例によってアニメしばりで参加。
2016-10-31
推奨されている形式にそって、まず冒頭にリストを置く。
戦闘や戦場よりも、ある意味で戦時下の日常を描く作品が多くなった。もちろん嗜好によるものだが、ここ最近の考えから後述の選定基準を決めた結果でもある。
1.『人狼 JIN-ROH』(2000年、沖浦啓之監督)高度経済成長の矛盾が噴出する架空日本。反政府勢力に対抗するため重武装化をつづける首都警。その一員として活動していた主人公は、ひとりの少女と出会う……
民話の赤頭巾をモチーフに、国家権力の過激化と、暴力装置の内部衝突を描いた作品。戦争どころか内戦ですらない気もするが、あえて分類するならば戦争映画だろう。
ドイツ軍風味の強化服を着せるためだけに、敗戦後にドイツが進駐した架空日本という舞台設定。そんな趣味に走った押井守の世界にもとづきながら、凄腕アニメーターが初監督をつとめ*1、極限的な作画技術で血肉ある人間を描写した。手描きされた平面の絵だからこそ、人間性の回復と剥奪を表現できることがある。
そして無機的な兵士であった主人公は、とある戦闘で迷いを見せ、しかし顔の無い兵士へ戻っていく。しばしば映画で前提視されるロマンティックラブ・イデオロギーを、いったんドラマを動かす道具としてとりこみつつ、あっさり使い捨てる。組織に殉じた美しい物語は、個人の物語ではありえない。
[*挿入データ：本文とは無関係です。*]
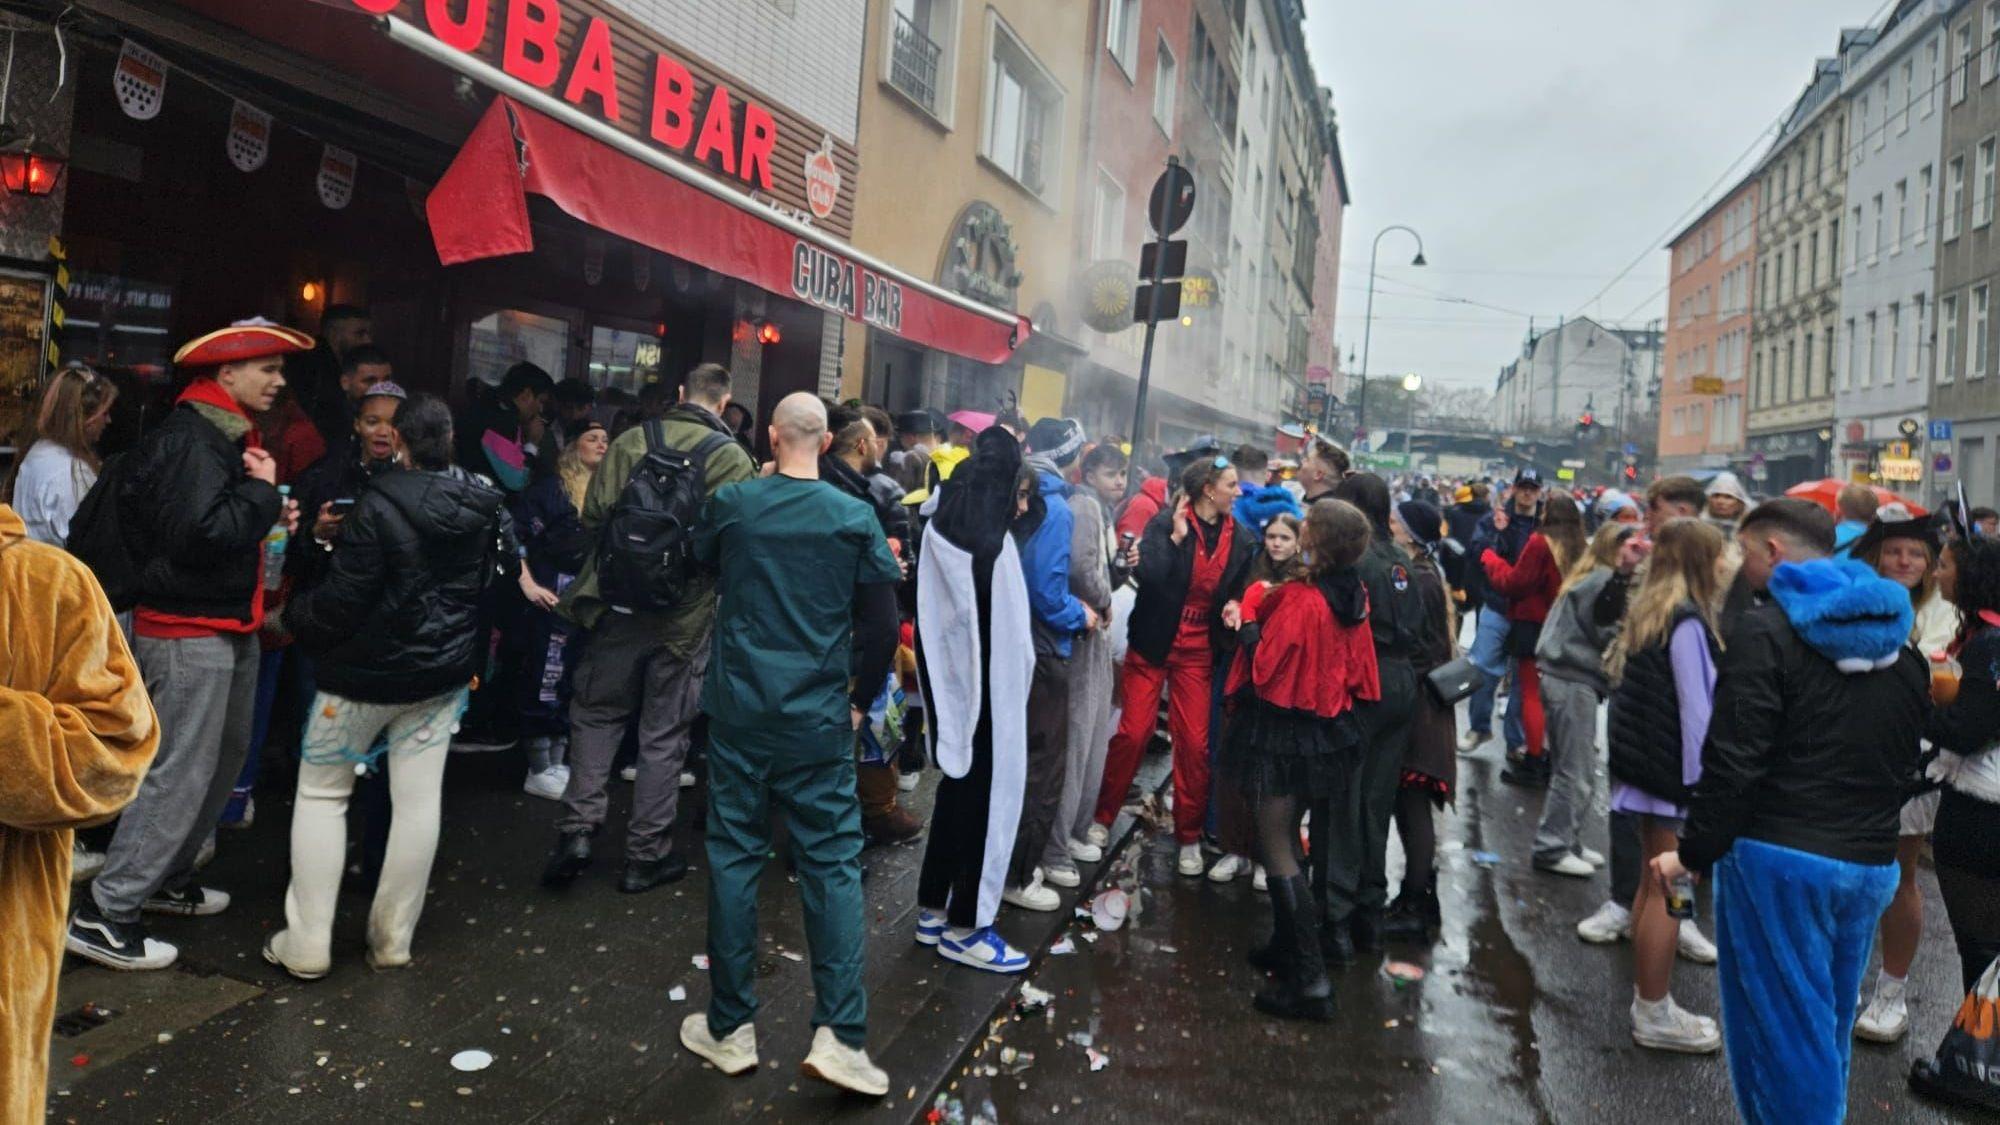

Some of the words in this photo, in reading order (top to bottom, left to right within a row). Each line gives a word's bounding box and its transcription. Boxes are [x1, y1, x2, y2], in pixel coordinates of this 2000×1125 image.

[354, 0, 620, 121] UBA
[651, 53, 778, 190] BAR
[793, 241, 856, 316] CUBA
[863, 271, 903, 332] BAR
2.『アンネの日記』(1995年、永丘昭典監督)ナチスの反ユダヤ政策から逃れて、隠し部屋で生活する人々がオランダにいた。そんな環境でも前向きに生きようと、ひとりの少女が日記をつけはじめる……
アンネ・フランクの残した日記にもとづく映像作品のひとつ。擬人化ペンギンでベトナム帰還兵を描いた映画『ペンギンズ・メモリー 幸福物語』で知られる永丘監督が、マッドハウスの一流スタッフ*2とともに戦時下のリアルを映像化した。
戦時下でも変わらぬ日常を生きようとするアニメは珍しくないが、その大半を密室劇として展開する長編となると数少ない。ひっそり息をひそめて、同居人と衝突しあう。そんな終わりの見えない日々を描きつつ、力ある画面は見ていて飽きさせない。11万枚という潤沢な作画枚数をいかして、生活する人間のしぐさをさりげなく映していく。はっきり凄惨な暴力は画面に映さず、ユダヤ人のむかえた結末も絵としては見せない。長い時間をかけて愛着をもたせた人々が喪失する痛みは、観客の想像力にたくしている。
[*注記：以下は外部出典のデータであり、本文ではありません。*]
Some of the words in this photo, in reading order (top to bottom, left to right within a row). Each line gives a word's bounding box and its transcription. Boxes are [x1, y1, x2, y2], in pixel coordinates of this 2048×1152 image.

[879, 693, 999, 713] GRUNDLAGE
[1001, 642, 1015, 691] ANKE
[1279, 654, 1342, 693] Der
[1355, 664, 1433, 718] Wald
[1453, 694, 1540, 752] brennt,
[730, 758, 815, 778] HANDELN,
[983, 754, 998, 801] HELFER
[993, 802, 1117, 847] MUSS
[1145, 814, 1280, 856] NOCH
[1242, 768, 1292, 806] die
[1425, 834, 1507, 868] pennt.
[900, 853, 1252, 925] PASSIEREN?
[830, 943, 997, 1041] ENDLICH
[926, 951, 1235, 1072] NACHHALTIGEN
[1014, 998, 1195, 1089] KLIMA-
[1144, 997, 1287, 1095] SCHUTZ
ちなみに戦闘シーンも進撃する連合軍のみで、どれほど残酷な演出でも戦闘を見せれば観客に快感をもたらしかねない問題を、率直な方法で回避した。ある意味で、この作品ほど戦闘に解放感があるアニメは、どれほど好戦的な作品にも存在しないはずだ。
3.『映画ドラえもん のび太のアニマル惑星』(1990年、芝山努監督)夢うつつにピンクのもやを抜けた少年は、人間のような動物が生活する街にたどりつく。少年は動物の街と交流しはじめるが……
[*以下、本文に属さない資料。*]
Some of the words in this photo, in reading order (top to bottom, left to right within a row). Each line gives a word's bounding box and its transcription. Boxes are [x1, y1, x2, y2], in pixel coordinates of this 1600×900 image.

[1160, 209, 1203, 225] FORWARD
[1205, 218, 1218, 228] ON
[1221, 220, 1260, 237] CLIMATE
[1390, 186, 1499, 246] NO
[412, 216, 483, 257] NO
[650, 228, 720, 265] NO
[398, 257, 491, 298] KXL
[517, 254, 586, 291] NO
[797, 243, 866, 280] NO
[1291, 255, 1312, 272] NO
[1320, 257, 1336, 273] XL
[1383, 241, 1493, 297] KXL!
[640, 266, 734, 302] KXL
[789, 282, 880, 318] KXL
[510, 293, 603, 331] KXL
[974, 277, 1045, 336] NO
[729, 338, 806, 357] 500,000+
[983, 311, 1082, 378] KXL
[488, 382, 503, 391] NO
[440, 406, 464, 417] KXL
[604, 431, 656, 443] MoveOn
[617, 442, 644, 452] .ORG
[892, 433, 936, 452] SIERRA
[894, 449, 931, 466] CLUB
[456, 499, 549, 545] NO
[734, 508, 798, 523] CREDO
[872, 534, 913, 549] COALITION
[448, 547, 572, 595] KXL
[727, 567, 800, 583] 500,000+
いわずとしれた映画シリーズの第11作で、3年前のSF映画ベストテンでも選んだ*3。シリーズ第2作のような異文明との交流を、まずメルヘンチックな情景から導入しつつ、SF設定の開示とともに人類の罪を問う寓話として完成させている。
シリーズで戦争映画らしいものとしては『宇宙小戦争』*4『ブリキの迷宮』等もある。しかしこの第11作は、戦争で戦う相手が災害などではなく、あくまで“人間”であることをSFとして鮮烈に描きだした。それでいて善悪を判断しつづけようとする努力はつづけて、安易に属性で区別するような愚もおかさない。じっくり理想の動物世界を描写しつづけたからこそ、街と人が戦争で傷ついていく痛みもきわだつ。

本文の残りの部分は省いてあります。